## Required action:
Output the line with "this 1600×1200 image." and every line below it until the listing ends, exactly as written and with nothing added.

• • • • •

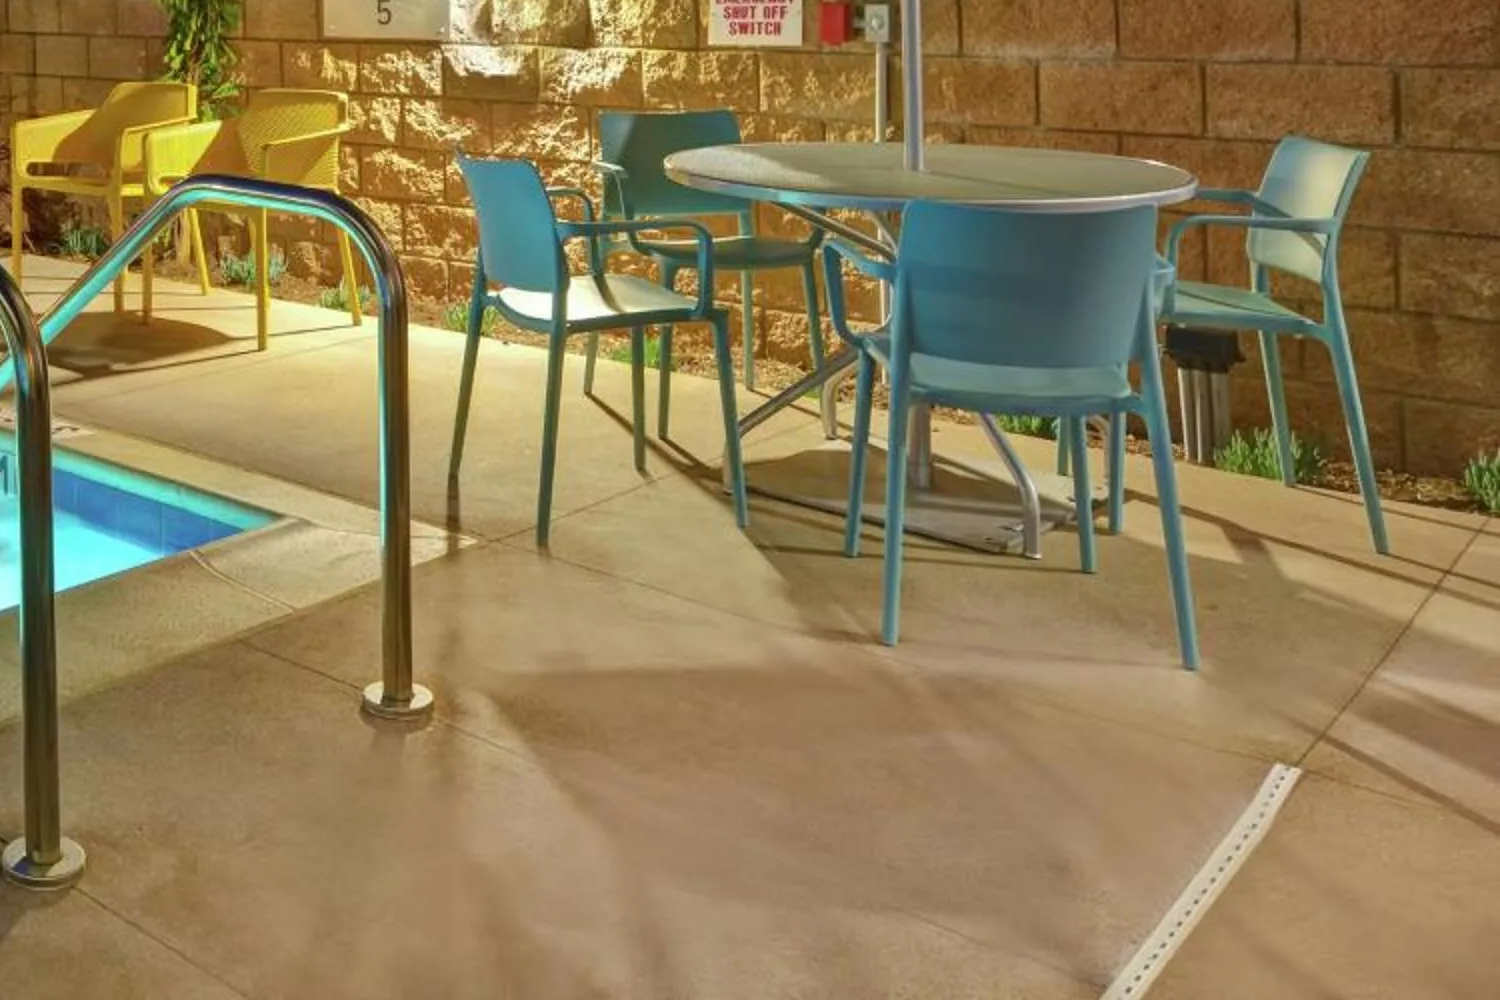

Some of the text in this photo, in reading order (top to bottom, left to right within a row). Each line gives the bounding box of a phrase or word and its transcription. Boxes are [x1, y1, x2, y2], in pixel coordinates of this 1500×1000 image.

[723, 5, 788, 20] SHUT OFF
[728, 21, 782, 37] SWITCH
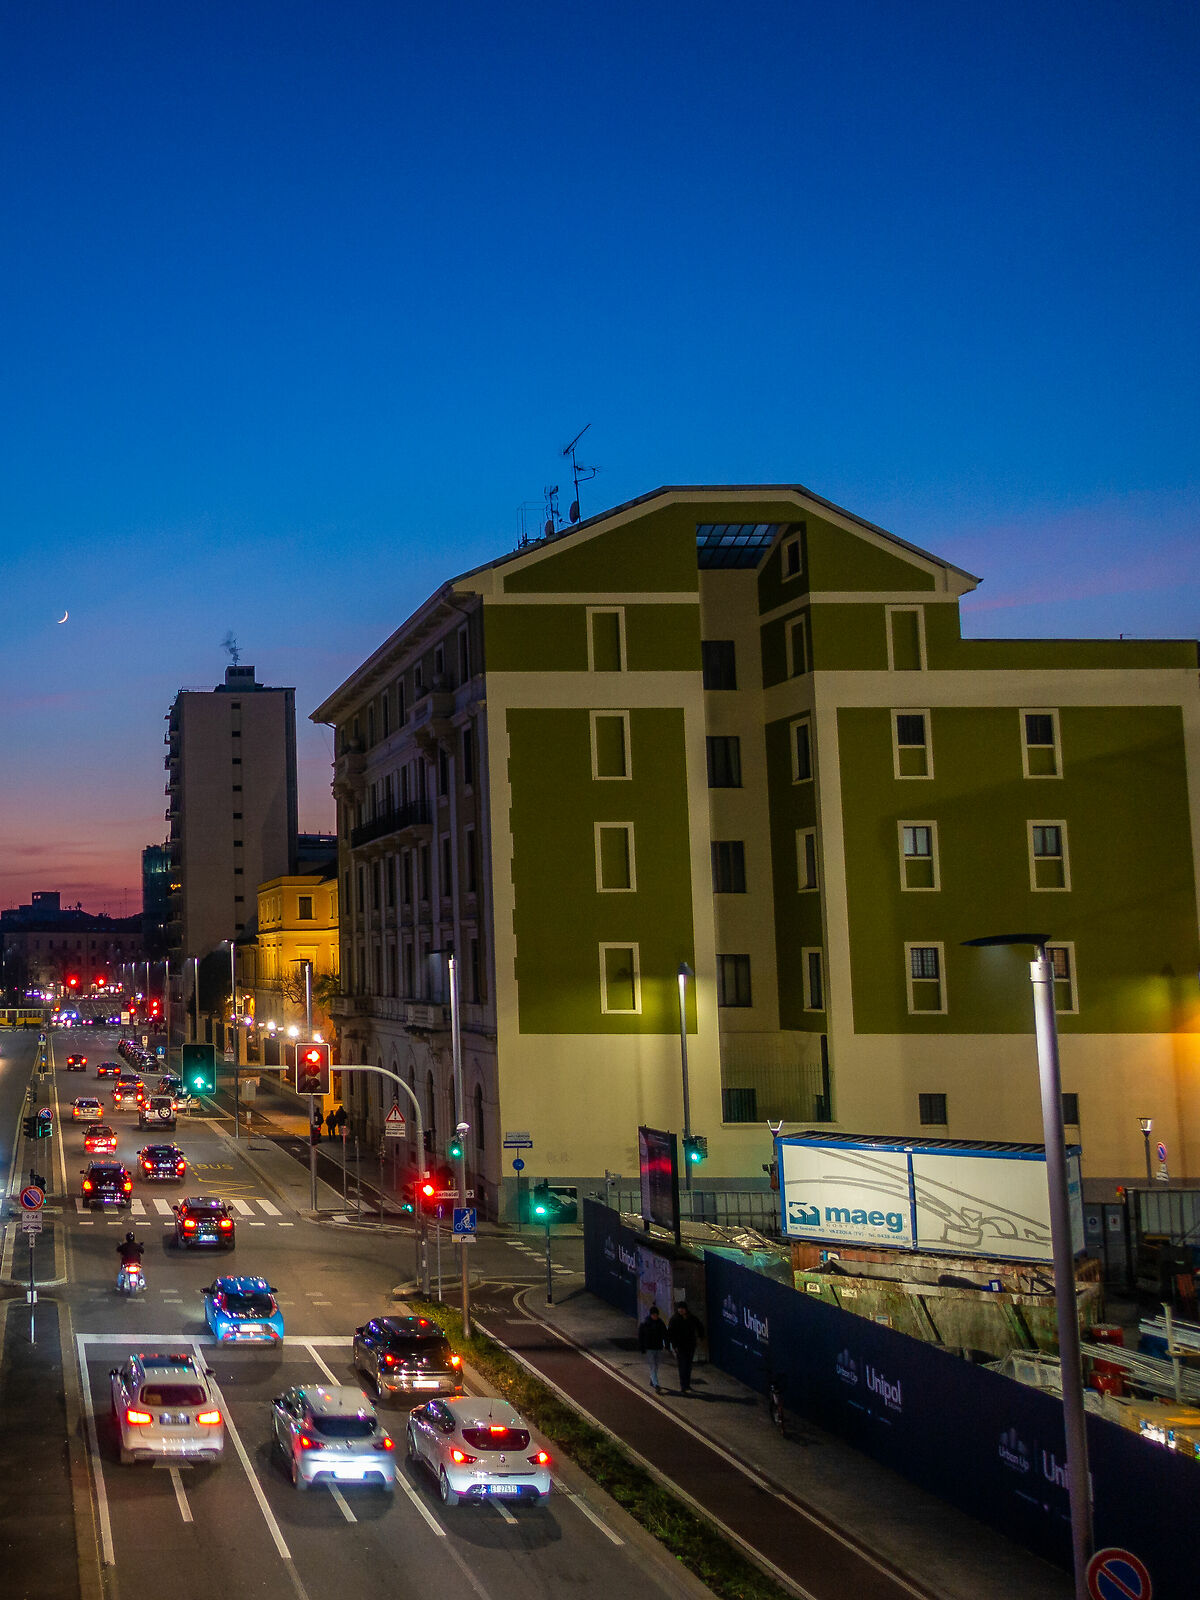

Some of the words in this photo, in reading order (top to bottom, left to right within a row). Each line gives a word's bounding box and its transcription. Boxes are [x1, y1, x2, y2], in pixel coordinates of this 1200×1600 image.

[195, 1163, 234, 1171] BUS
[824, 1206, 903, 1234] maeg
[743, 1306, 769, 1340] Unipol
[866, 1365, 902, 1406] Unipol
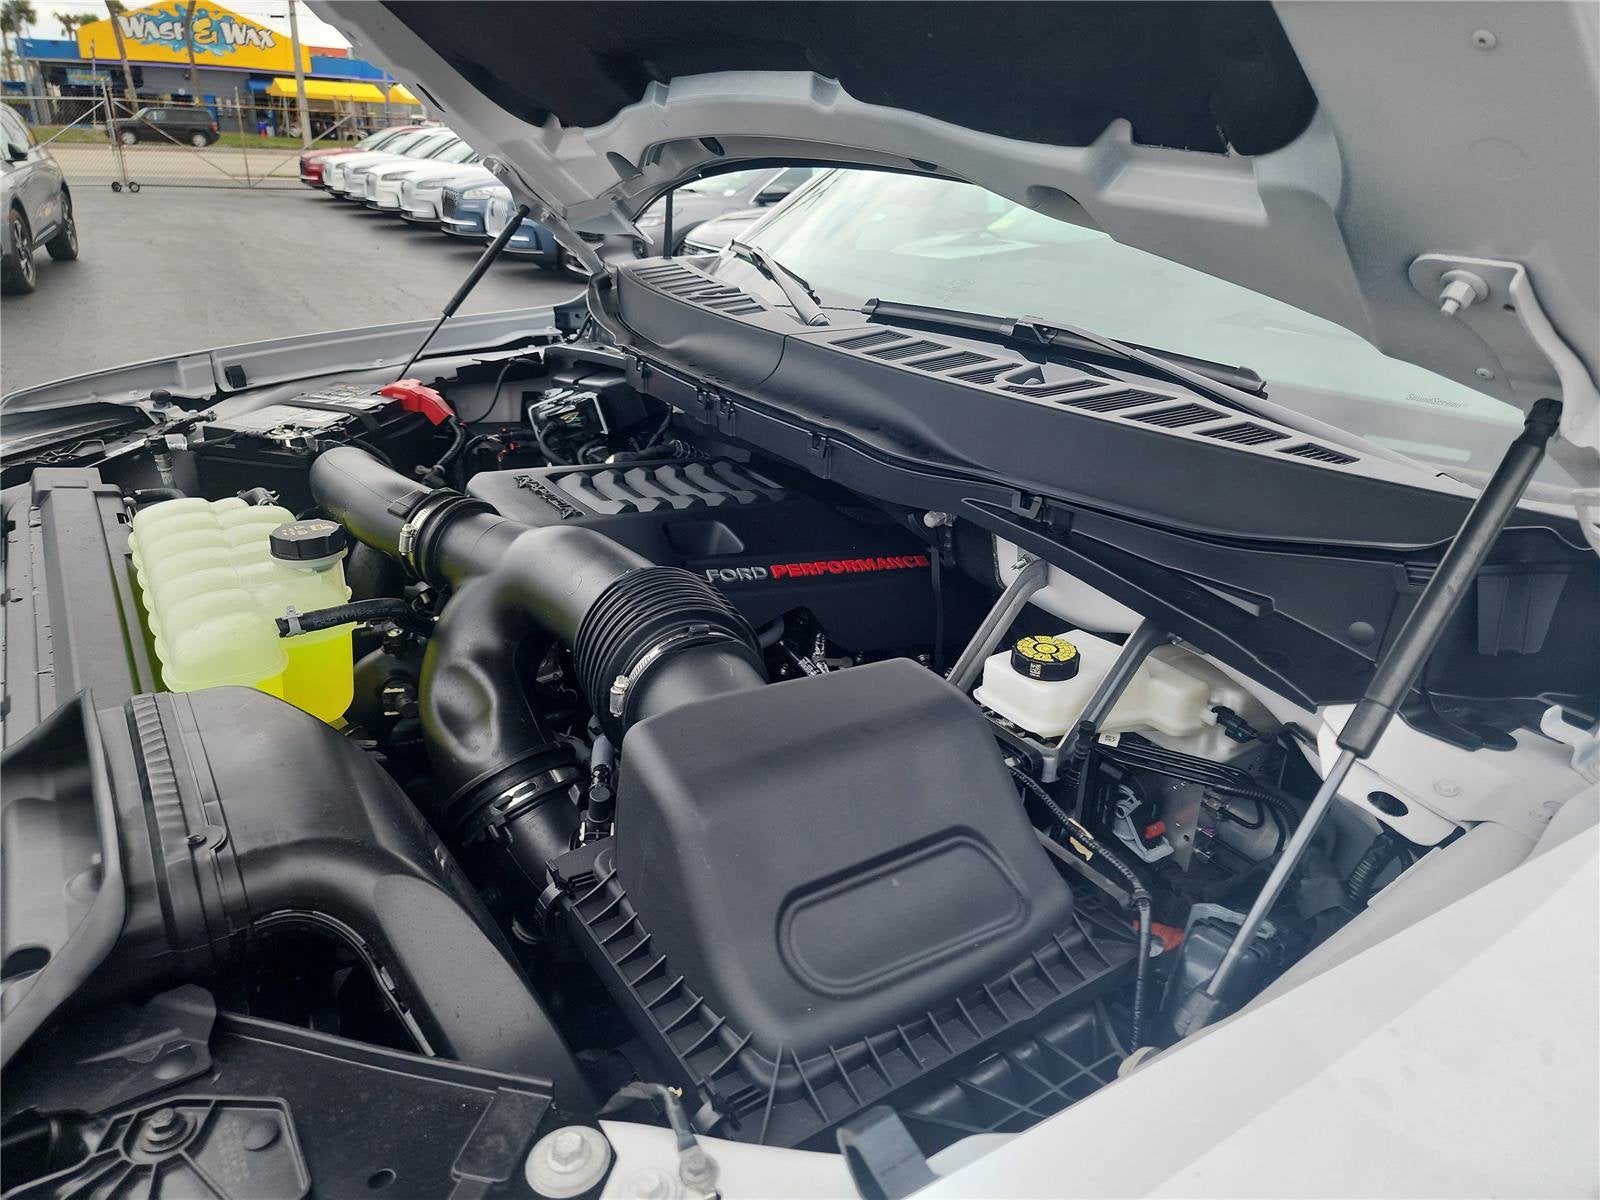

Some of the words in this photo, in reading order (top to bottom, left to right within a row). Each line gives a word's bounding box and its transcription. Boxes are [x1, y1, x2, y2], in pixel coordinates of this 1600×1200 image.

[192, 18, 218, 44] &
[220, 22, 276, 49] WAX
[705, 566, 769, 584] FORD
[770, 555, 929, 580] PERFORMANCE

• • • • •

## Expected answer:
Some of the words in this photo, in reading order (top to bottom, left to right within a row). Each line gives a word's bounding box and its transcription. Boxes are [x1, y1, x2, y2], in pixel coordinates of this 1600×1200 image.

[192, 18, 218, 44] &
[220, 22, 276, 49] WAX
[705, 566, 769, 584] FORD
[770, 555, 929, 580] PERFORMANCE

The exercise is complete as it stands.